1. Most people who suffer from low back pain lack hip and thoracic spine mobility. Typically when a joint causes pain. The problem isn't in the joint itself, but the joints above and below. For example, the lumbar spine isn't meant to be very mobile (only about 15deg of rotation and very little flexion/extension). When a person lacks mobility in the hip and t - spine, the body will compensate by increasing mobility in the lumbar spine. This is causes undo stress to the joint and it becomes inflamed.
2. People need more anti rotation and anti extension work. This is also a major cause of low back and knee pain. Without a strong "core", the spine will have to bare most of the stress on the body. This isn't good. Do more planks, bridges, rollouts, and pallofs.
3. It's all in your head. I just read this article on Tnation, and it really goes along with the things my training partners talk about all the time. Mind games. Many people will quit mentally before they quit physically. For example, when doing a heavy yoke walk or walking a heavy squat out of a rack, it literally feels like the weight is CRUSHING you. The trick is, to have that feeling of THAT weight on your back and not care.

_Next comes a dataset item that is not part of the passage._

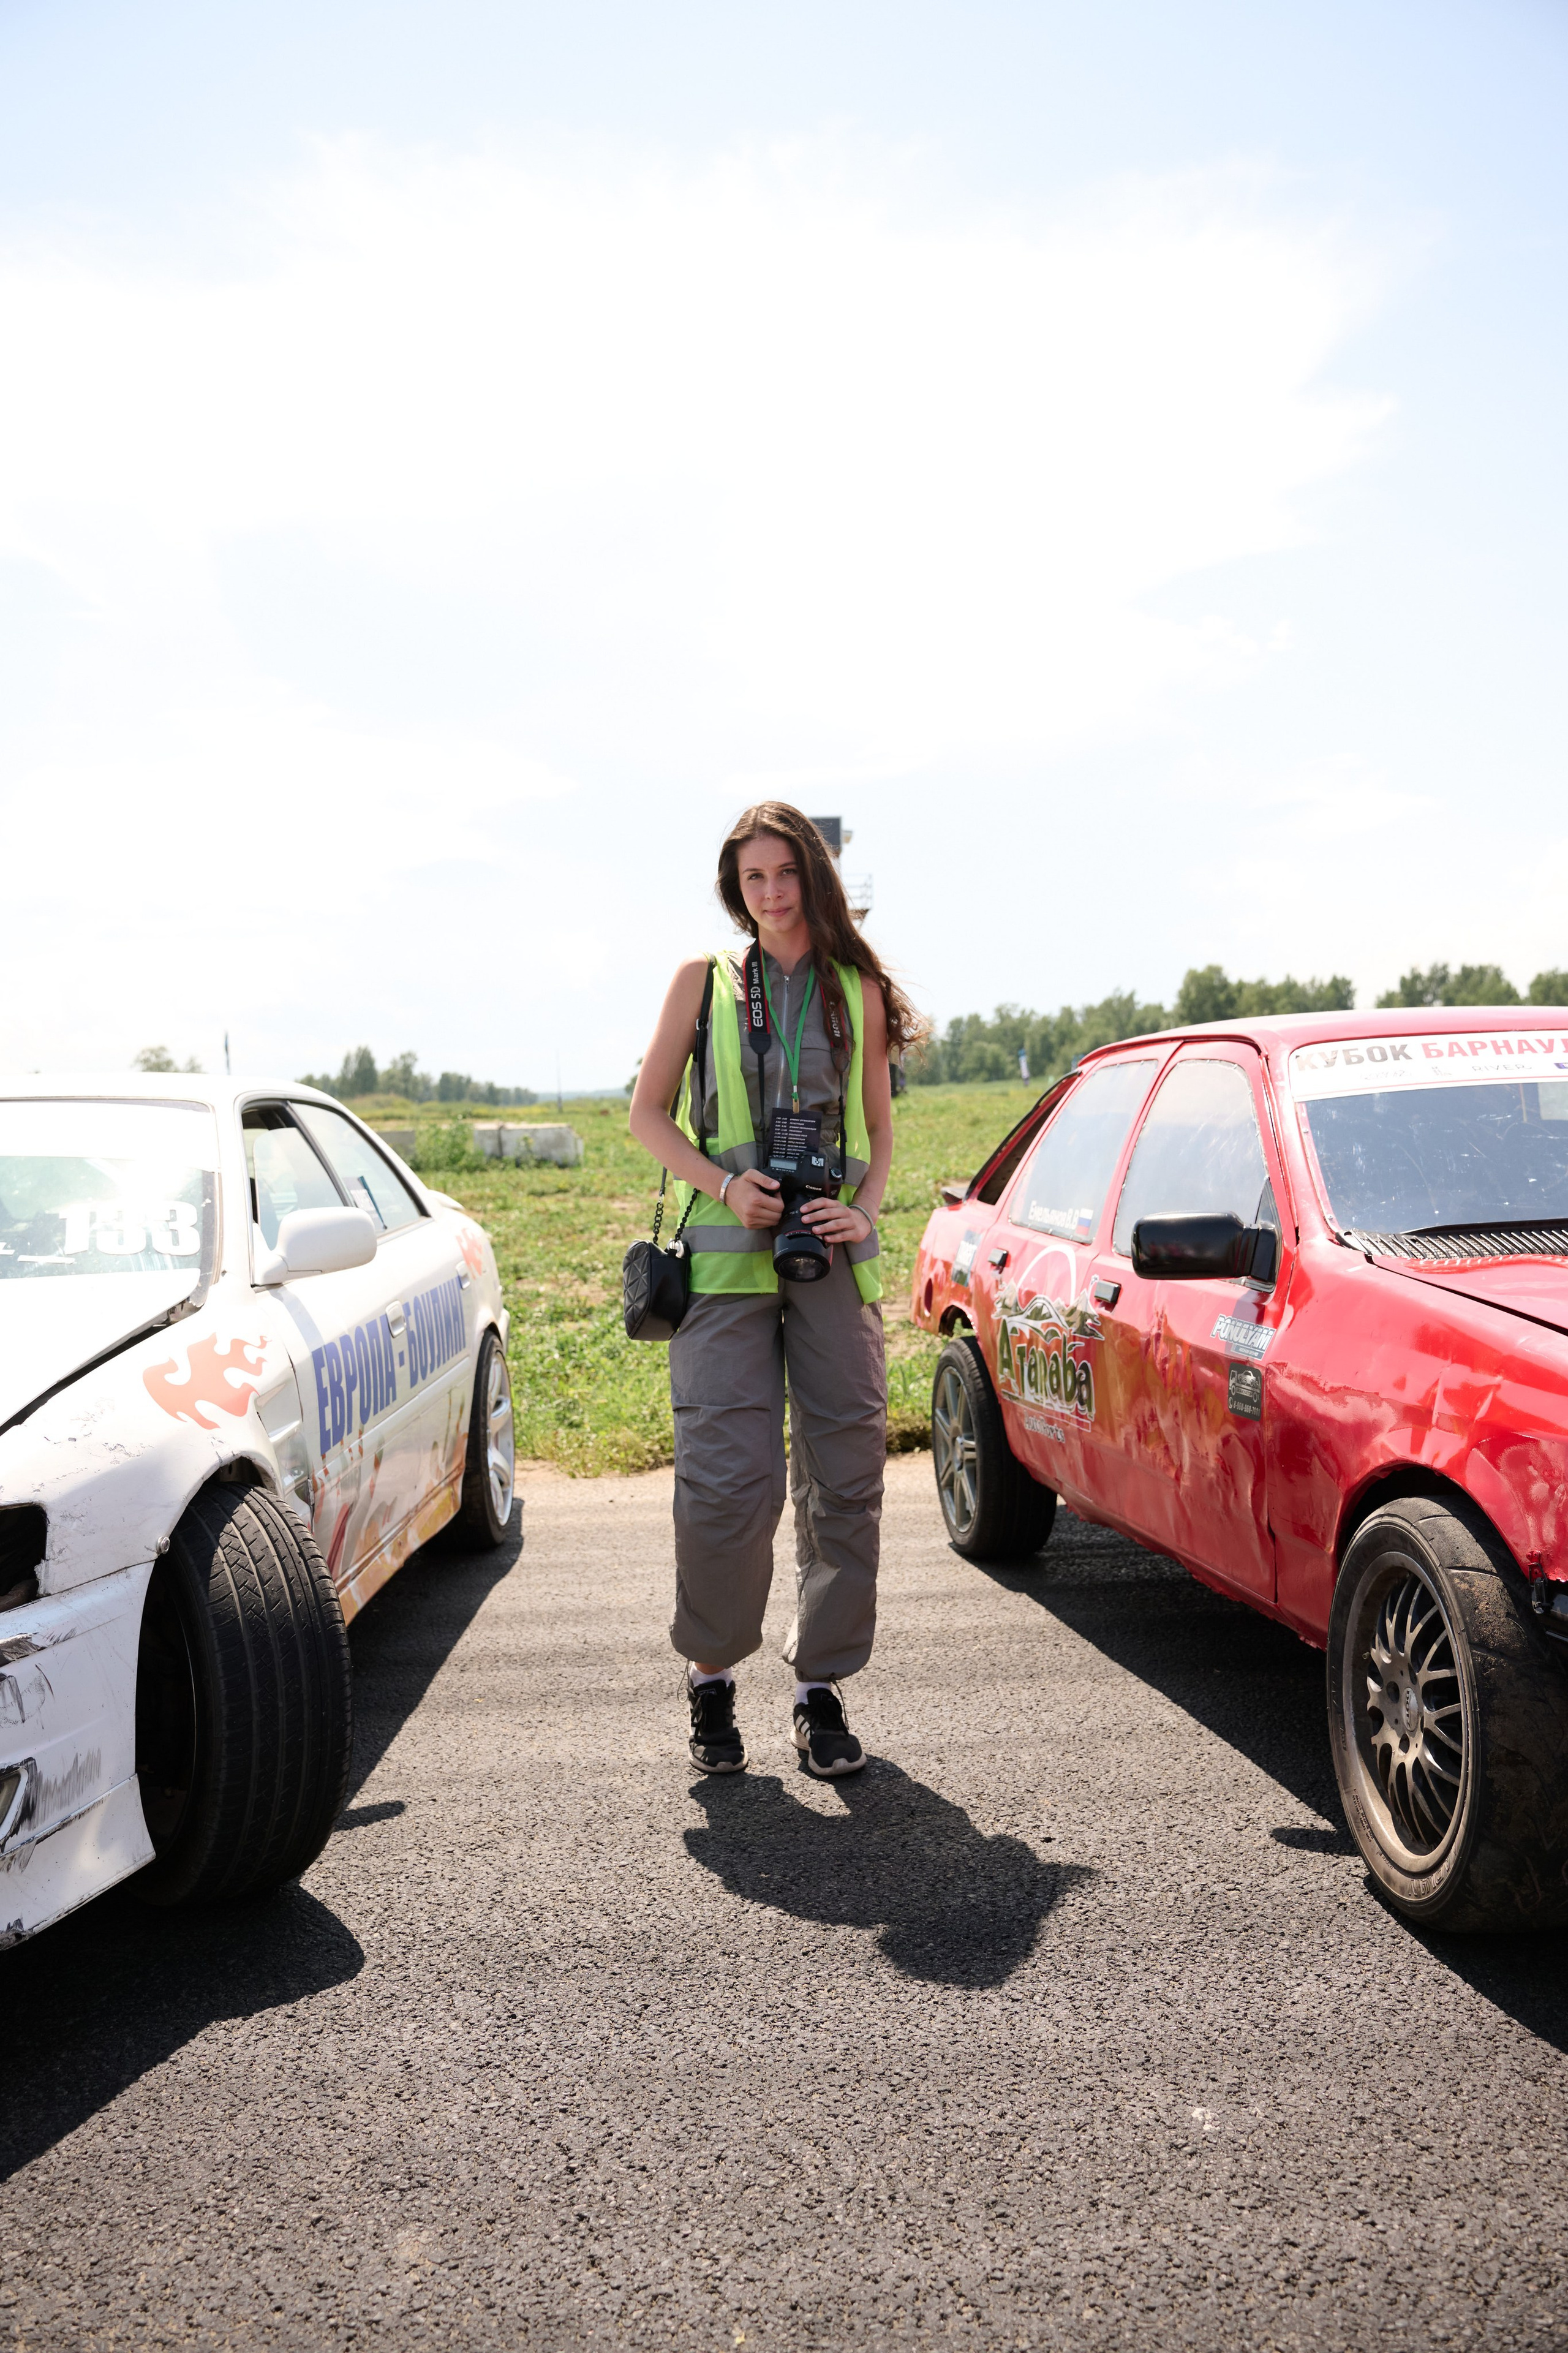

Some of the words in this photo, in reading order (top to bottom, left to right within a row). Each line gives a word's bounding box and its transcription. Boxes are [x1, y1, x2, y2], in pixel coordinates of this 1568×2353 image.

[750, 986, 761, 999] 5D
[752, 1002, 763, 1027] EOS
[1295, 1044, 1412, 1071] КУБОК

4. Bad programs, not bad exercises. I didn't come up with this term. I can't member who did. But, it can be applied to anyone who asks questions like: Is squatting going to hurt me? Benching? Crunches? Here's how I answer: If you have poor hip mobility, don't squat. If you have extremely long legs in relation to your torso (basketball players) don't squat. If you find your self in the seated position for most of the day, don't bother with bench or crunches. Simple enough?
There you have it. Sorry, I know 4 is a weird number. I'm out of time. Gotta go make some kids faster!